José Sariego

BS Journalism, Certificate in Latin American Studies, 1977

September 9, 2011

Jose SariegoIn this interview, we highlight the career of José Sariego, senior vice-president and general counsel of HBO Latin America. Headquartered in South Florida, HBO Latin America has regional offices in Caracas, Mexico City, Buenos Aires, and Sao Paulo. José received his BS in Journalism with a certificate in Latin American Studies in 1977. He serves as President of the Steering Committee of the LAS Alumni Board.

What do you enjoy most about your job?

People will find this a little crazy, but I really enjoy working with documents. I sense myself a writer and my major at UF was journalism. I also really enjoy talking to our business people and trying to understand what it is that they want to accomplish, and reflect that into a document that they can understand and read. Most legal documents are very boring, complicated, and difficult to read. If I can make them a little bit more understandable, a little bit more logical, then I had a good day. The other thing that I do is just help people. I am a problem-solver. No one likes to talk to lawyers, unless you have a problem. When you solve someone’s problem and they are really appreciative, that makes my day.

How does one start a career in the field of media and entertainment in Latin America? What would be your advice?

First, you have to have a good background in Latin America. Assuming you want to work for an HBO or other US company, you have to know about Latin America, not only media in Latin America. You have to travel, spend time there, know the culture, the people, the politics, history, economy and that is one reason the Center for Latin American Studies has been so helpful for me. My advice would be that, first, you have to be well prepared, and the Center and UF helped me prepare for many things: helped me become a better communicator, a good listener, and broadened my horizons and perspectives on the world. You have to be lucky, and I have been very lucky in my lifetime. You have to have good mentors; people who take an interest in you and you have to seek them out. It is very important to have sponsors in your career. You have to be atrevido, aggressive and assertive with your own career. And the last thing I would say, and I learned this at UF and I practiced that for my entire career, is that you have to network. You have to stay in touch and reach out to the people who have helped you and you have to help others. Networking is the way to get ahead in the world in general, and in the business world in particular. Many times it’s who you know, who you helped and how other people have helped you that really matters.

How did the University of Florida and the Center help prepare you for your career?

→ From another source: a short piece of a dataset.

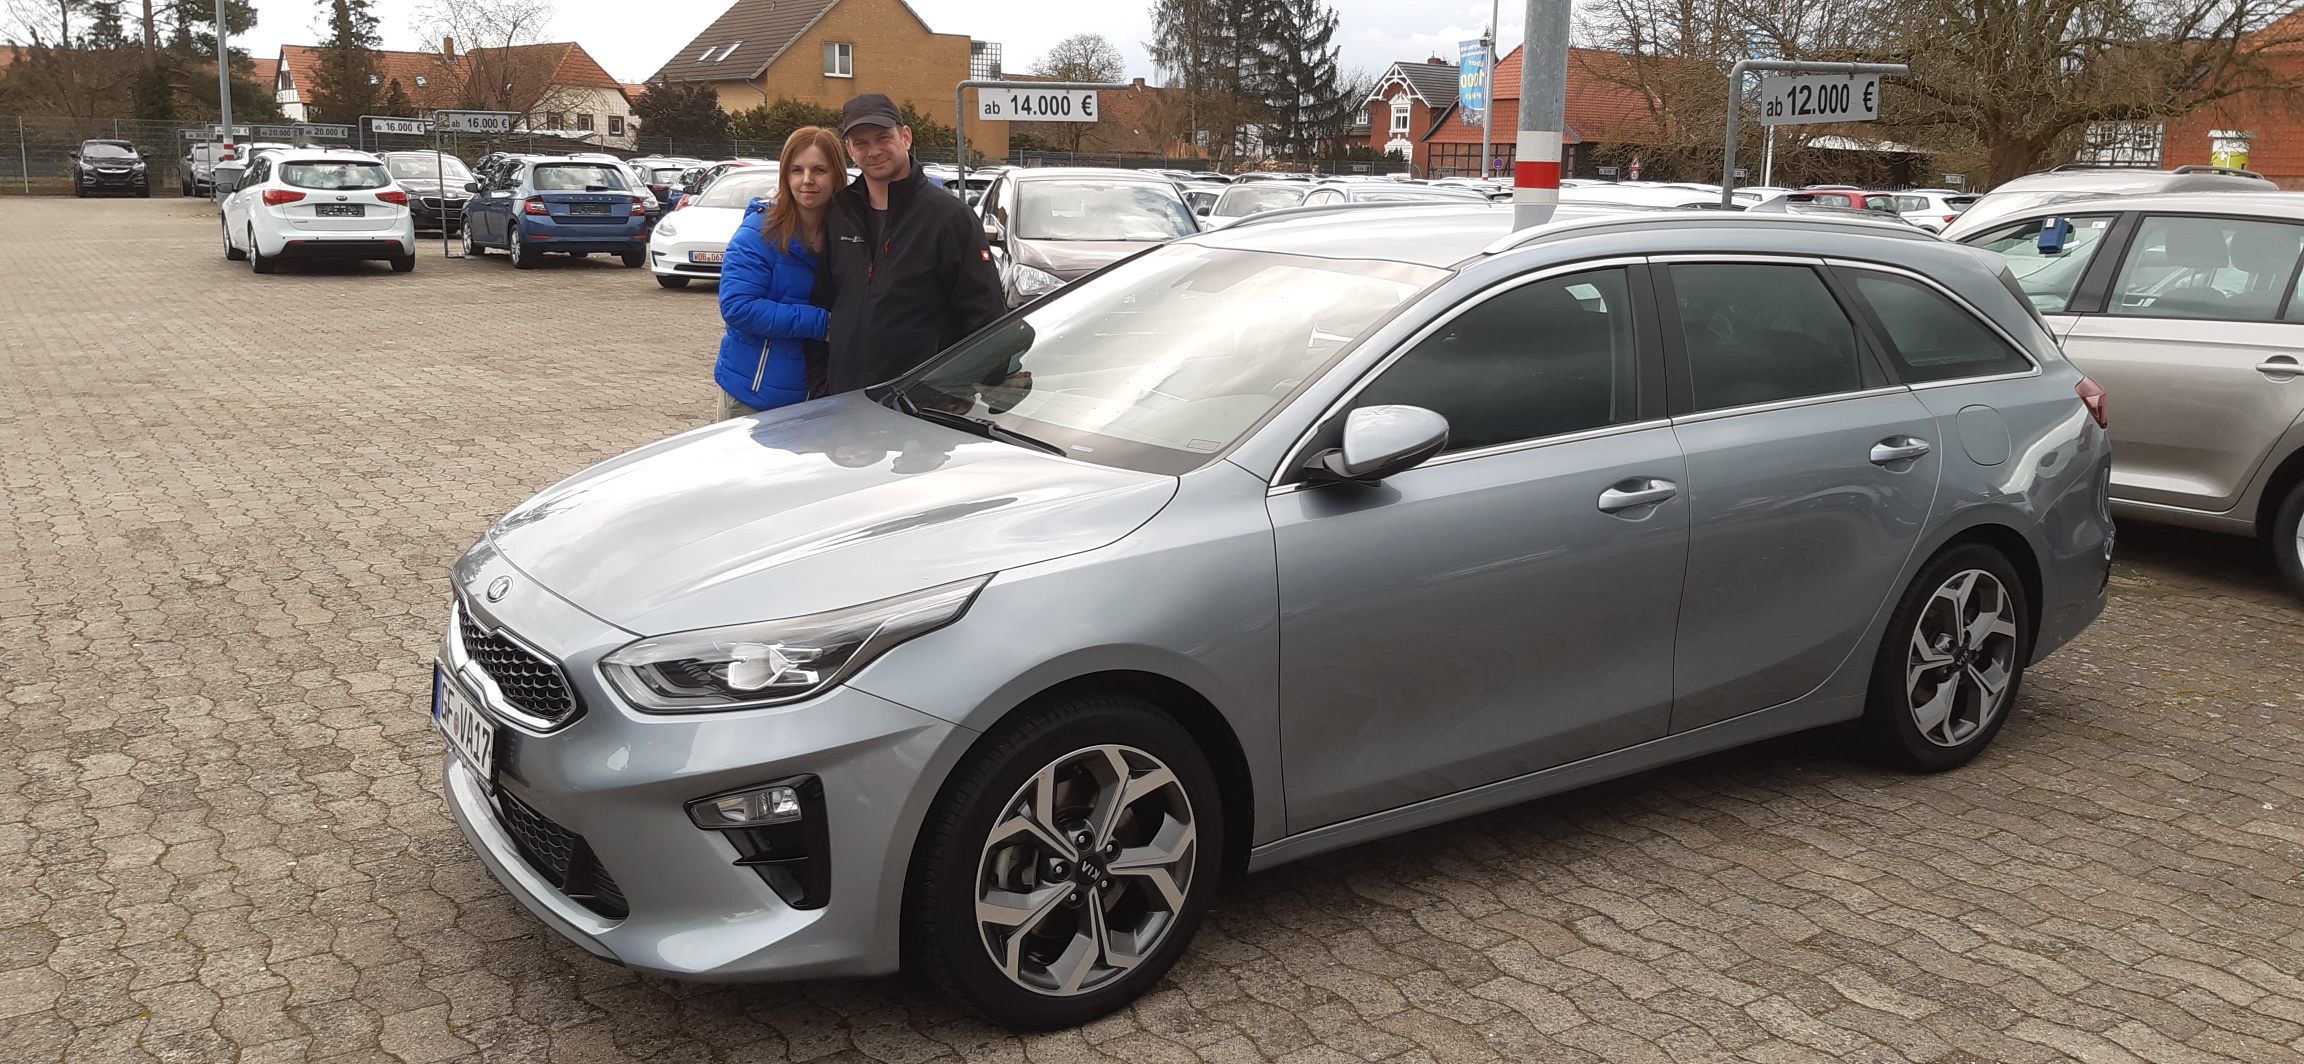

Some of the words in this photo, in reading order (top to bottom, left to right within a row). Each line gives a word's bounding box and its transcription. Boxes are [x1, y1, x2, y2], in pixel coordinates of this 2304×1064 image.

When I started I had no idea I was going to even be a lawyer, much less a lawyer for a company operating in Latin America. Because of my background – I’m Cuban, I was born in Cuba – and because I speak Spanish, Latin America was a natural interest. I learned a lot about Latin America at the Center. Of course that is no substitute for traveling or knowing people directly, but the UF experience opened up the door. First thing, it provided me the knowledge that not all Latin America is the same. Brazilians are very different from Argentines, Mexicans, or Venezuelans, and you have to appreciate that to do business in Latin America. Otherwise, you are going to get into a lot of trouble. These kinds of cultural differences make the region fascinating, and knowing them gives you an advantage over someone who doesn’t have that kind of background. I spend a lot of time explaining Latin America to US executives and other lawyers at HBO domestic and elsewhere, and sometimes it is hard for them to understand some of the things that happen in Latin America. That’s part of my job; I do a lot of cultural translating.

Do you have any memories or interesting stories that you would like to share about your time at the Center or UF?

Florida was a very different university when I was there. I joke that I probably couldn’t get in today. The standards have greatly improved. UF was a big party school when I went there, and although it still has some reputation for that, I think it has improved dramatically in the academic environment. When I went back after many years, I was amazed with the seriousness of the students. Then as now, college is a good time, it is the best time of your life, but at the same time is the foundation of everything you are going to do in your future. Grades are important, but not as much as learning how to think for yourself and expanding your universe, being open to new cultures, environments and ways of thinking. If you can come out of college with that then you’re well prepared to handle the world.